Article – People of the Year 2004

Sleaze and More Sleaze

(Originally published in Inform Magazine, January 2005)

1. Kerry McFadden

It’s been a great year for young girls of Scouse extraction with no fixed talent. Jennifer Ellison won that cooking show whilst the former Ms. Katona, once of the now defunct Atomic Kitten, won that jungle show before dominating every tittle-tattle sheet for the rest of the year.

2. Lord Justice Hutton

The Hutton Inquiry provided lots of insight into the stupidity of government; the Hutton REPORT seemingly came from another planet and just beat the crap out of the BBC. So many people were disgusted it might just lose Tony Blair the next election.

3. Wayne Rooney

Rollercoaster doesn’t describe it. He played a blinder during Euro 2004, got ‘controversially’ signed by Manchester United seemingly so his agent could make a return on his investment, and slept with a prozzy three times his age. And the best could be yet to come.

4. David Blunkett

Old skool political sleaze resurfaced with this unlikely studmuffin proving that power must be an aphrodisiac. No Tory standing by your man here, though, as the spectre of the women scorned makes you almost feel sorry for the poor bastard. Almost.

5. Adrian Mutu

Footballers take drugs!? I absolutely refuse to believe it!
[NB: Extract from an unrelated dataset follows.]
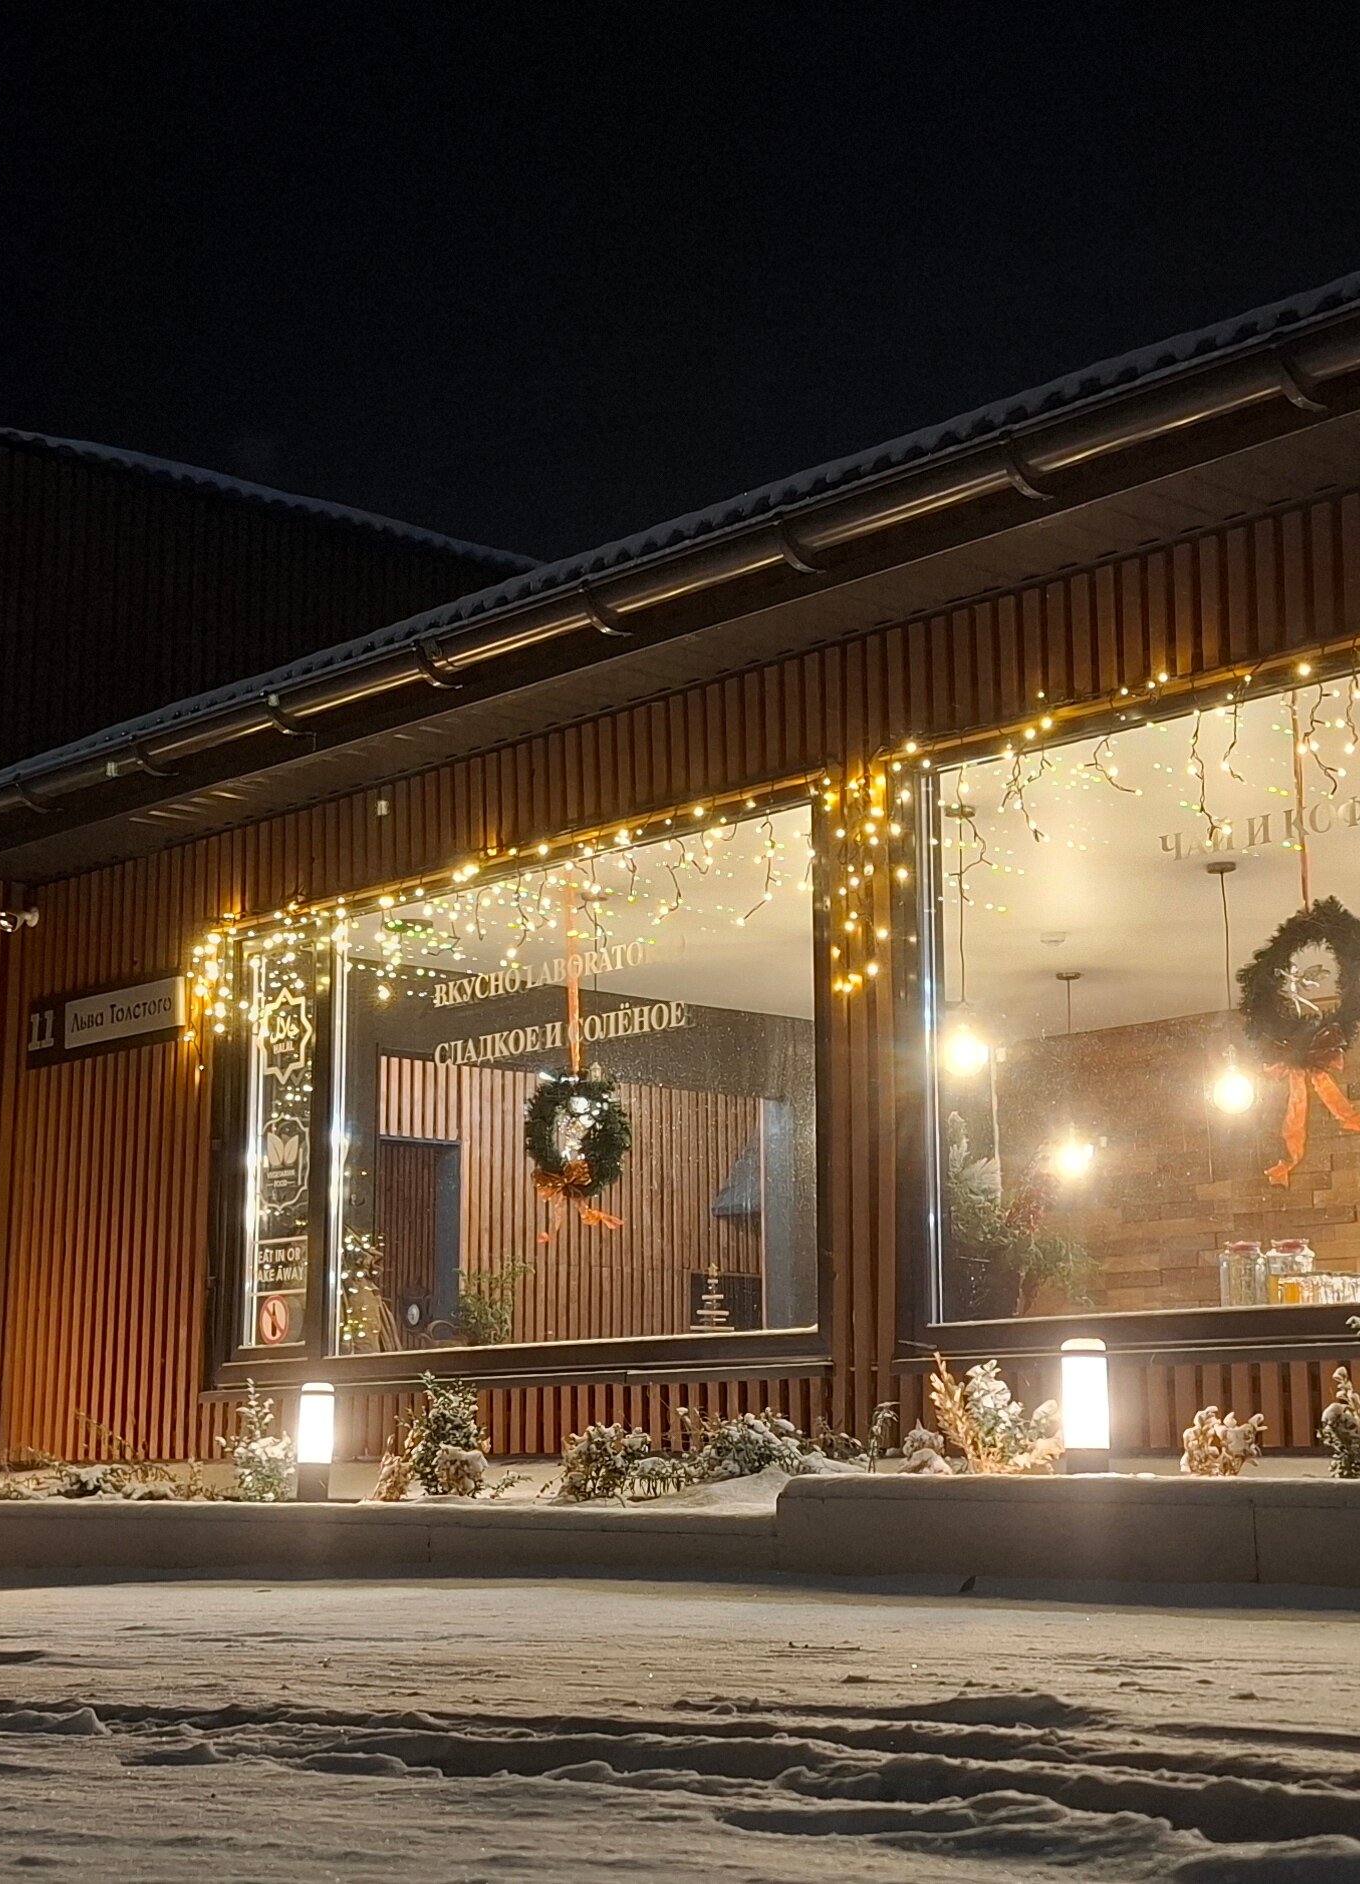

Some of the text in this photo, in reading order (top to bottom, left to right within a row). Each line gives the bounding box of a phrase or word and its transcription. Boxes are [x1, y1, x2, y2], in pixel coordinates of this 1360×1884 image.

All my preconceptions have been destroyed and we did land on the moon and JFK was shot by Lee Harvey Oswald and Justin Hawkins really did sing that line better than Bono.

6. Pete Doherty

Musicians take drugs!? Not exactly a revelation is it? Whether breaking into his mate’s house or touring with the blatantly rubbish Babyshambles, nobody could get enough of this pathetic creature. Forget talent, it’s a habit you need.

7. Boris Johnson

Buffooned his way through an interesting year of the familiar Tory shenanigans involving an affair with fellow journo Petronella Wyatt, as well as the whole absurd farrago of his ‘apologetic’ visit to Liverpool.

8. Michael Moore

Rush-released the absurdly one-sided Fahrenheit 9/11, which made lots of money but failed to do its real job of getting rid of George Bush. Someone should tell him that Americans really don’t like being told what to do.

9. Yasser Arafat

The sheer scale of his fortune, revealed after his death, stunned just about everyone. You would have thought he could have done a little more to ease his people’s suffering, but they liked him all the same.

10. David ‘Helicopter’ Henshaw

Knocking Mike Storey out of his traditional position on this list is Liverpool City Council’s chief executive who presided over the Fourth Grace fiasco. Nicknamed ‘Helicopter’ because he likes to ride in the police chopper. Bless.